While Murray Campbell appropriately questions corporate Canada’s inability to formulate a list of interprovincial barriers, the Premiers who have been shrillest in denouncing such barriers have recently unveiled some new ones.

Several North American jurisdictions will be putting a price on carbon emissions through the Western Climate Initiative (WCI). They will also have to find ways to apply this price to the carbon content of imports from jurisdictions that do not price it. In particular, BC will apparently be imposing a tariff on imports of coal-fired electricity from Alberta. One wonders whether this measure is TILMA-compliant.

By most accounts, Jean Charest initiated the current Quebec-Ontario negotiations. But earlier this month, his government trumpeted a requirement that new wind farms incur at least 60% of their costs in Quebec. This sort of preferential provincial procurement is one of the few tangible examples of alleged trade impediments within Canada.

Gordon Campbell and Jean Charest present themselves as champions of the struggle against supposed interprovincial barriers. It’s interesting that both have now found apparently compelling public-policy rationales to enact measures that could restrict economic flows from other provinces.

Ontario, Quebec: Just say no to TILMA

The Globe And Mail

Saturday, May 24, 2008

Page: A13

Byline: Murray Campbell

. . .

The agreements unveiled June 2 in Quebec City will likely deal with certification and other credential issues and that’s harmless enough. But the pursuit of the “expanded accord” that the premiers want has only begun and many in the hardy band of people who monitor trade issues in Canada believe, like Elmer Fudd, that “there’s something scwewy going on around here.”

Their fear is that Ontario and Quebec are pursuing something similar to the Trade, Investment and Labour Mobility Agreement that British Columbia and Alberta struck in 2006 and which will take effect next spring. Critics charge that this TILMA deal is a Trojan horse pushed by businesses to restrict the regulatory powers of provincial and municipal governments. They point to a “general rule” of the deal that there should be “no obstacles” to freer trade and the right it gives businesses to sue governments for up to $5-million “on any matter” involving the interpretation or application of the deal.

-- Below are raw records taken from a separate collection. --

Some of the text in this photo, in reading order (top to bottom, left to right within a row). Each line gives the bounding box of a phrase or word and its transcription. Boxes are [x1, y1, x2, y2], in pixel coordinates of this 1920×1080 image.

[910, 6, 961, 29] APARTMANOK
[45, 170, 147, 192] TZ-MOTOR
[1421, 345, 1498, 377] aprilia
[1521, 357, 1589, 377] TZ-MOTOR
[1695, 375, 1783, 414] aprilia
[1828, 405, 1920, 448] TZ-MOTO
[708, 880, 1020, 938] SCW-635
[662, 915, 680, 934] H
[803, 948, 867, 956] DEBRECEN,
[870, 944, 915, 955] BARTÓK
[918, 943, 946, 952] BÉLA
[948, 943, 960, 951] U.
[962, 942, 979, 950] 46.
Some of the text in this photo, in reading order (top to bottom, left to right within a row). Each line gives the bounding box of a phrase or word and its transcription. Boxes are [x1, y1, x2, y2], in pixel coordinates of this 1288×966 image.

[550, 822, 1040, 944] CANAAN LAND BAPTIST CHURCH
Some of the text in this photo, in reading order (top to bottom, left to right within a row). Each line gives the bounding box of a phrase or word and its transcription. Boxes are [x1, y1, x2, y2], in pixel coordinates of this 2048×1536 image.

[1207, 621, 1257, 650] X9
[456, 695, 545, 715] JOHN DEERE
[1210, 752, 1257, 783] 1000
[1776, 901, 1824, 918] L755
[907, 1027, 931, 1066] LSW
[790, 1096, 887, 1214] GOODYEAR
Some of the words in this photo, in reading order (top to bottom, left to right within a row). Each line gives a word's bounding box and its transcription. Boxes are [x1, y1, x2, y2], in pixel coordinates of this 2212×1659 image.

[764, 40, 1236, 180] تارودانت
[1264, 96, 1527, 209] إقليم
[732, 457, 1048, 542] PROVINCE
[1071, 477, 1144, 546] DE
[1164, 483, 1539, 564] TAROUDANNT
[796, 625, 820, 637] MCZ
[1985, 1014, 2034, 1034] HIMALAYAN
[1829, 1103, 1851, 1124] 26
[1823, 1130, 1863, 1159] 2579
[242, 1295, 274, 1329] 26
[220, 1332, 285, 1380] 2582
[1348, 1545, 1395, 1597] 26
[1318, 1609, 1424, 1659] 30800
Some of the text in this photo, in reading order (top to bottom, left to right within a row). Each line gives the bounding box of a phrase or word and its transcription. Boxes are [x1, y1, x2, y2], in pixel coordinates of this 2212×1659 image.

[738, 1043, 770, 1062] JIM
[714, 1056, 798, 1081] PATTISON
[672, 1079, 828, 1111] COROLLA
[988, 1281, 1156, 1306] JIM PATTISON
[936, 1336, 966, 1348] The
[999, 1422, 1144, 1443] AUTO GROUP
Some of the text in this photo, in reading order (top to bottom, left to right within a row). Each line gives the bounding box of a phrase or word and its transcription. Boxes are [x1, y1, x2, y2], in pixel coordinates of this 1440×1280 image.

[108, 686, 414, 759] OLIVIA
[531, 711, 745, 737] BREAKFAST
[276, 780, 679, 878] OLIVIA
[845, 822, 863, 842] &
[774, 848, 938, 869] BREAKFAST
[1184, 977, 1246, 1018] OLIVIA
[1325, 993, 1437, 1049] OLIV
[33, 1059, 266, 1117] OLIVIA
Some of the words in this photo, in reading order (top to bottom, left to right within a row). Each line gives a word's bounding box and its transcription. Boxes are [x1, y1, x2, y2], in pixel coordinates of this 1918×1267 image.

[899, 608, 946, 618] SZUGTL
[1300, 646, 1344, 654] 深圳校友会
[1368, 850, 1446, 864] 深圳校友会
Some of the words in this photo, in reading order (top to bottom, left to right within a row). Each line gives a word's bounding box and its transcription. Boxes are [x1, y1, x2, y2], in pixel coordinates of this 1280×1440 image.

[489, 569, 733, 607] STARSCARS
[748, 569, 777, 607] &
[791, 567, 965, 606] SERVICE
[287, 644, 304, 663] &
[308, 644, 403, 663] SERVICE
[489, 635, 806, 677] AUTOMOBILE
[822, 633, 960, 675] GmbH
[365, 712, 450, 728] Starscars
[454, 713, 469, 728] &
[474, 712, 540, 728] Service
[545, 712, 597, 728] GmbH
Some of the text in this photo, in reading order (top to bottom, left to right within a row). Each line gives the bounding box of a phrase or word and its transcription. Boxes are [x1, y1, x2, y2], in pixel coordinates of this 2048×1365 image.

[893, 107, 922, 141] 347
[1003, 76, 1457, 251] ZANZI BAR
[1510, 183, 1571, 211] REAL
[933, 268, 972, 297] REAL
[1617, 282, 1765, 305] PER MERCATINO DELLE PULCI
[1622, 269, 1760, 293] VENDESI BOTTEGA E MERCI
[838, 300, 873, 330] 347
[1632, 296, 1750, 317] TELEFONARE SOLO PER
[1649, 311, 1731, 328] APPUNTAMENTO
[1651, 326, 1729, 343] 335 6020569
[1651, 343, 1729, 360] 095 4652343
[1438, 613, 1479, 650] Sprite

The quasi-judicial tribunal to hear disputes is one reason why lawyer Steven Shrybman concluded this week that TILMA and the B.C. legislation enabling it violate the Canadian Constitution by usurping the role of judges and endowing cabinet with too much power. He wrote his brief for the Canadian Union of Public Employees but it’s worth nothing that the right-wing Saskatchewan Party has also taken a pass on joining the pact despite the invitation from Alberta Premier Ed Stelmach.

TILMA isn’t on the table in Quebec City but that doesn’t mean the pressure for it (or something similar) has eased. The business community is still urging a new mechanism to supersede the 14-year-old Agreement on Internal Trade. AIT has reduced the barriers to labour mobility but businesses say it is ineffective because it doesn’t have a binding dispute-resolution mechanism like TILMA. For example, a national coalition of 10 industry and professional organizations wants to allow individuals or businesses to challenge the decisions of elected governments before tribunals whose authority is beyond a government or the judicial system.

The business case is weakened, however, because it hasn’t produced a list of the barriers that need to be eliminated. Their claim, with no supporting data, is that restrictions take $3-billion off the GNP. (Mr. Stelmach says it’s $14- billion.) To her credit, Ontario Economic Development Minister Sandra Pupatello says there’s a lot of “political rhetoric” about trade barriers that doesn’t withstand scrutiny.

The smart thing for the premiers to do is to take a pass on TILMA and simply work a little harder on their bilateral irritations. They should resist the pressure to hand over power to unelected tribunals.